#### [TO DO]
Keep every word of the entries and print them exactly; the pictures stay out.

#### [GIVEN RECORDS]
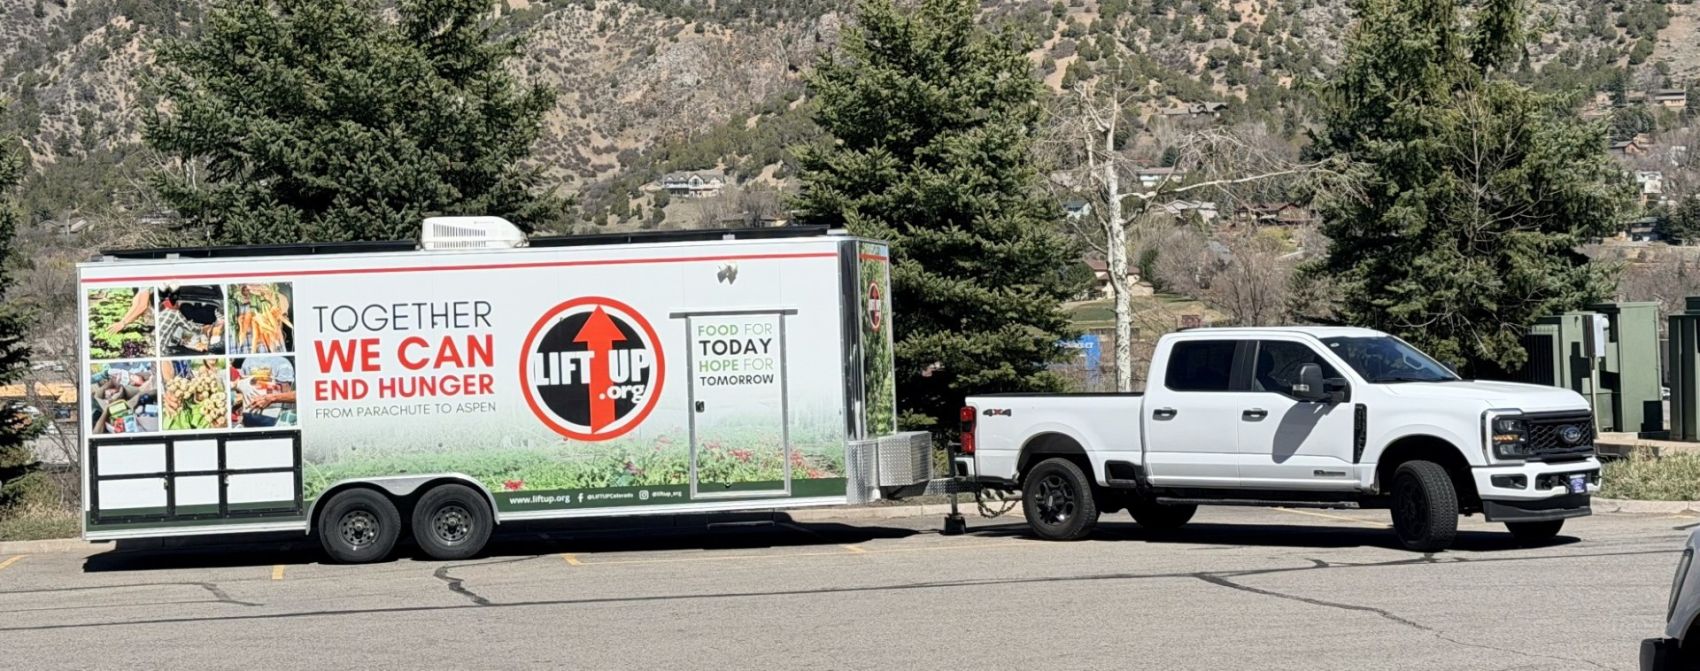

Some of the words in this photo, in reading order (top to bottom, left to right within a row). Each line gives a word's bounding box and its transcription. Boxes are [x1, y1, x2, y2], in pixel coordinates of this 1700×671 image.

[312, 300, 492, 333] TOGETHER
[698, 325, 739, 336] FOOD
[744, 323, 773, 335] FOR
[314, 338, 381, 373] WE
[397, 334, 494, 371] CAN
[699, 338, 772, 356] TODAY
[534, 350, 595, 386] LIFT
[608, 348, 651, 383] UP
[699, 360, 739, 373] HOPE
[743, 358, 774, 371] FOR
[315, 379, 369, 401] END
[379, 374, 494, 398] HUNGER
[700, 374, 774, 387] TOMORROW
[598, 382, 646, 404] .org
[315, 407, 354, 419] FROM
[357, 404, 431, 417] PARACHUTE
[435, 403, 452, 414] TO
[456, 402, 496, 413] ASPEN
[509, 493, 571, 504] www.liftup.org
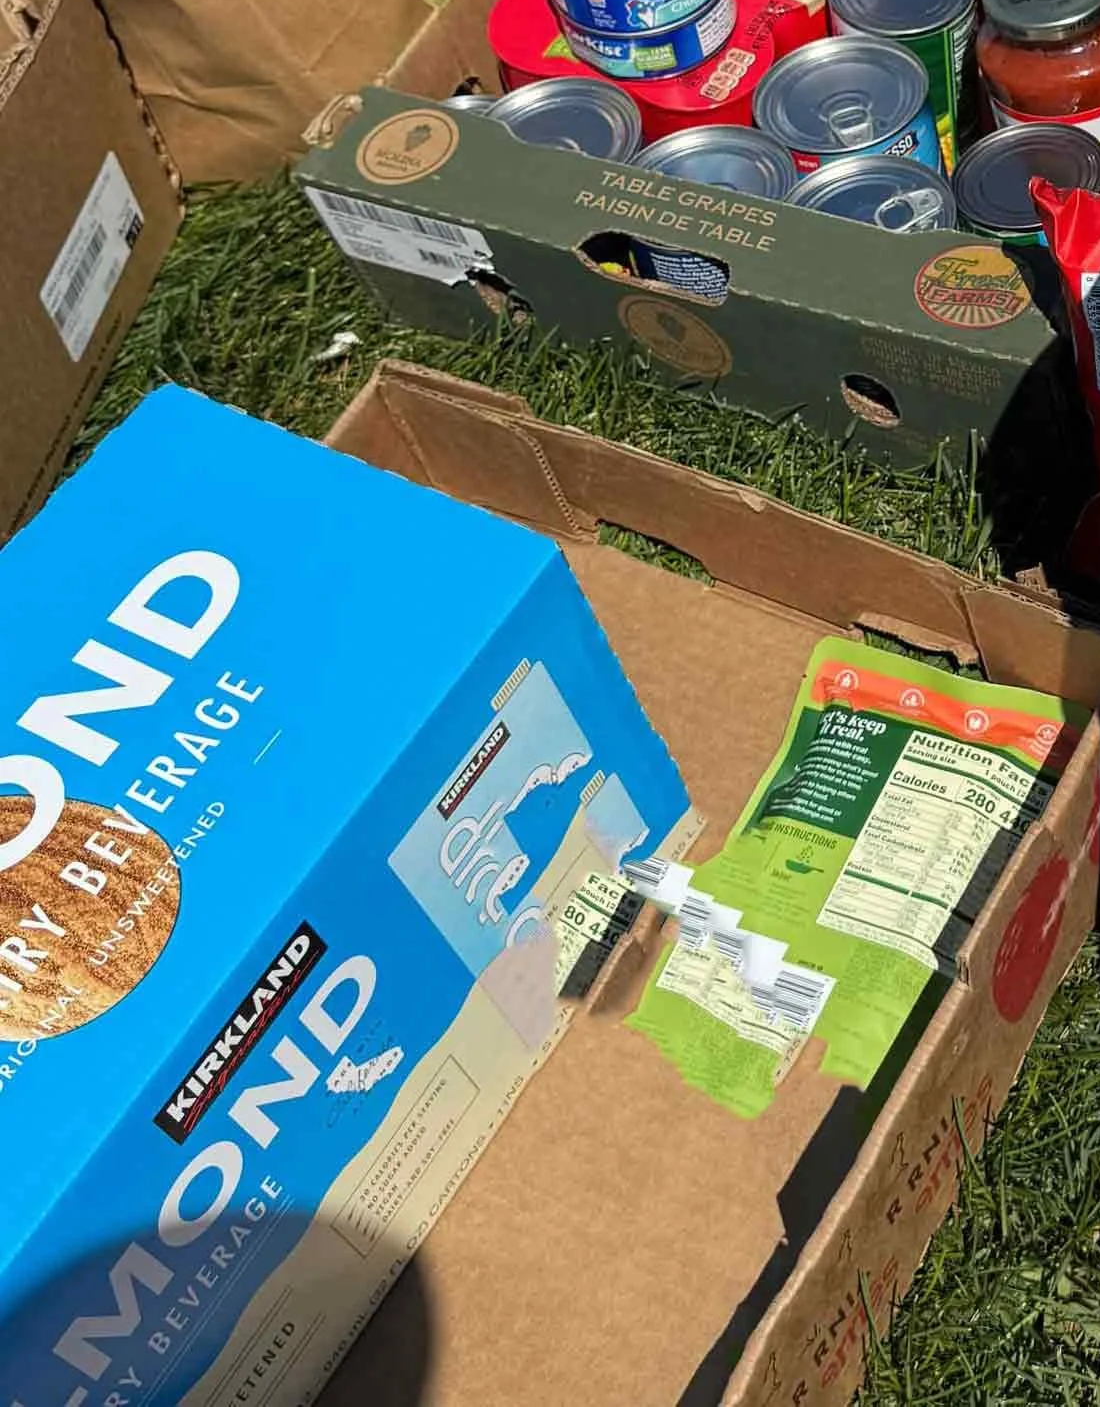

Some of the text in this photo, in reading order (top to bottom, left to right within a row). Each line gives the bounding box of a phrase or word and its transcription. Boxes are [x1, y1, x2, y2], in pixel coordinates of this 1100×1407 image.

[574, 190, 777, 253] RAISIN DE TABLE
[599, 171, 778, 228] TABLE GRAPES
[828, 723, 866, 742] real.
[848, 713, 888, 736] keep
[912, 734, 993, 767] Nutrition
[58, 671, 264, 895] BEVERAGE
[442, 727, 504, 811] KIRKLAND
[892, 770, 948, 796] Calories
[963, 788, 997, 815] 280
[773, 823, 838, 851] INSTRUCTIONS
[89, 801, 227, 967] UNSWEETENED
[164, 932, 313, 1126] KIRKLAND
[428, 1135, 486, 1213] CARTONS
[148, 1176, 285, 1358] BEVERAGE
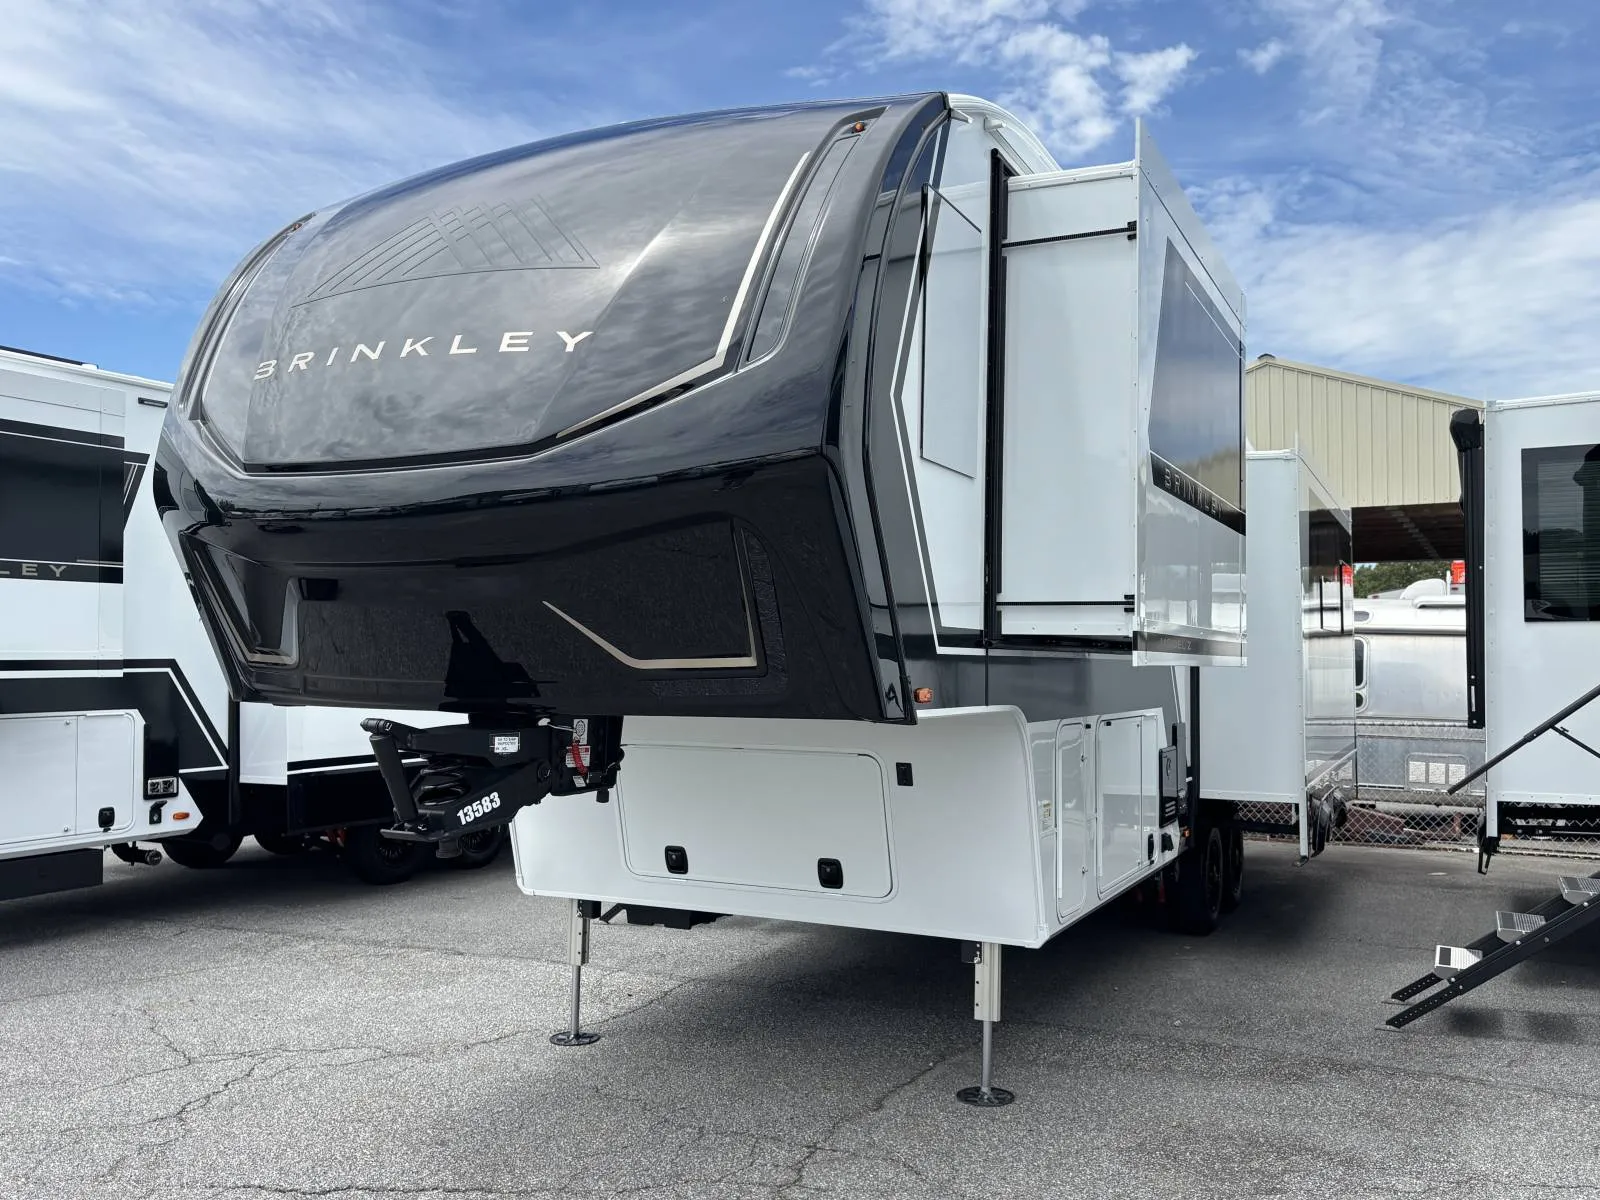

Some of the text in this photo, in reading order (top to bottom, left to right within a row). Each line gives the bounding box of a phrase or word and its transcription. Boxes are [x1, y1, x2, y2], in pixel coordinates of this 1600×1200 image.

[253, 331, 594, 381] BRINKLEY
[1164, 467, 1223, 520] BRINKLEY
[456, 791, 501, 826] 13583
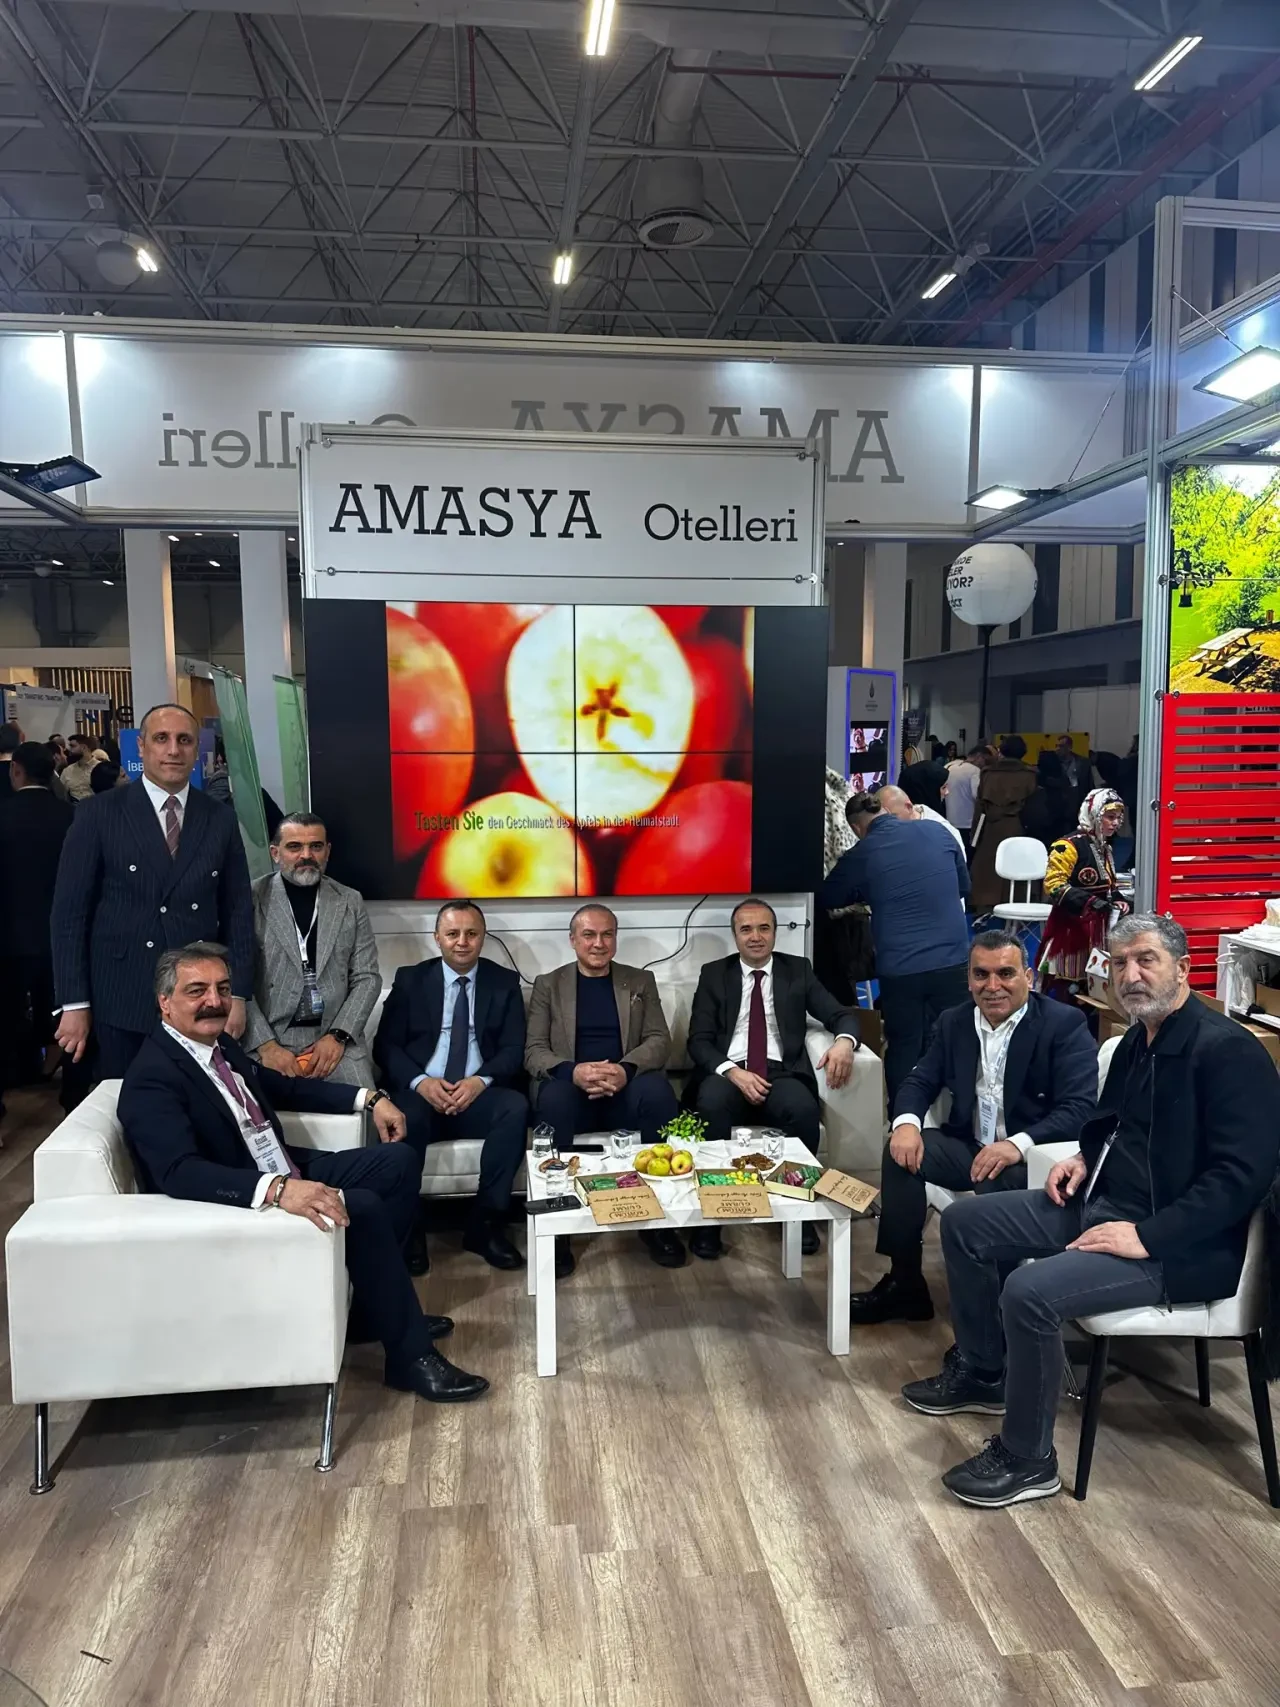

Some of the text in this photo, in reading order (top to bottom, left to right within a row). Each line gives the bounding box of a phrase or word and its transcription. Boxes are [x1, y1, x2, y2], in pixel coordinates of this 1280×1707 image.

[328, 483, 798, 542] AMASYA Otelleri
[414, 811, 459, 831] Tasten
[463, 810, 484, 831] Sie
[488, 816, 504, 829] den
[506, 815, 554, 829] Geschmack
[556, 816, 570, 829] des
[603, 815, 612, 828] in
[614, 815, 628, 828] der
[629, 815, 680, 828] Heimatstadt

#### [TASK OUTPUT]
Some of the words in this photo, in reading order (top to bottom, left to right within a row). Each line gives a word's bounding box and its transcription. Boxes are [x1, y1, x2, y2], in pixel coordinates of this 1700×671 image.

[312, 300, 492, 333] TOGETHER
[698, 325, 739, 336] FOOD
[744, 323, 773, 335] FOR
[314, 338, 381, 373] WE
[397, 334, 494, 371] CAN
[699, 338, 772, 356] TODAY
[534, 350, 595, 386] LIFT
[608, 348, 651, 383] UP
[699, 360, 739, 373] HOPE
[743, 358, 774, 371] FOR
[315, 379, 369, 401] END
[379, 374, 494, 398] HUNGER
[700, 374, 774, 387] TOMORROW
[598, 382, 646, 404] .org
[315, 407, 354, 419] FROM
[357, 404, 431, 417] PARACHUTE
[435, 403, 452, 414] TO
[456, 402, 496, 413] ASPEN
[509, 493, 571, 504] www.liftup.org

Some of the text in this photo, in reading order (top to bottom, left to right within a row). Each line gives the bounding box of a phrase or word and its transcription. Boxes are [x1, y1, x2, y2], in pixel coordinates of this 1100×1407 image.

[574, 190, 777, 253] RAISIN DE TABLE
[599, 171, 778, 228] TABLE GRAPES
[828, 723, 866, 742] real.
[848, 713, 888, 736] keep
[912, 734, 993, 767] Nutrition
[58, 671, 264, 895] BEVERAGE
[442, 727, 504, 811] KIRKLAND
[892, 770, 948, 796] Calories
[963, 788, 997, 815] 280
[773, 823, 838, 851] INSTRUCTIONS
[89, 801, 227, 967] UNSWEETENED
[164, 932, 313, 1126] KIRKLAND
[428, 1135, 486, 1213] CARTONS
[148, 1176, 285, 1358] BEVERAGE

Some of the text in this photo, in reading order (top to bottom, left to right within a row). Each line gives the bounding box of a phrase or word and its transcription. Boxes are [x1, y1, x2, y2], in pixel coordinates of this 1600×1200 image.

[253, 331, 594, 381] BRINKLEY
[1164, 467, 1223, 520] BRINKLEY
[456, 791, 501, 826] 13583

Some of the text in this photo, in reading order (top to bottom, left to right within a row). Each line gives the bounding box of a phrase or word and its transcription. Boxes are [x1, y1, x2, y2], in pixel coordinates of this 1280×1707 image.

[328, 483, 798, 542] AMASYA Otelleri
[414, 811, 459, 831] Tasten
[463, 810, 484, 831] Sie
[488, 816, 504, 829] den
[506, 815, 554, 829] Geschmack
[556, 816, 570, 829] des
[603, 815, 612, 828] in
[614, 815, 628, 828] der
[629, 815, 680, 828] Heimatstadt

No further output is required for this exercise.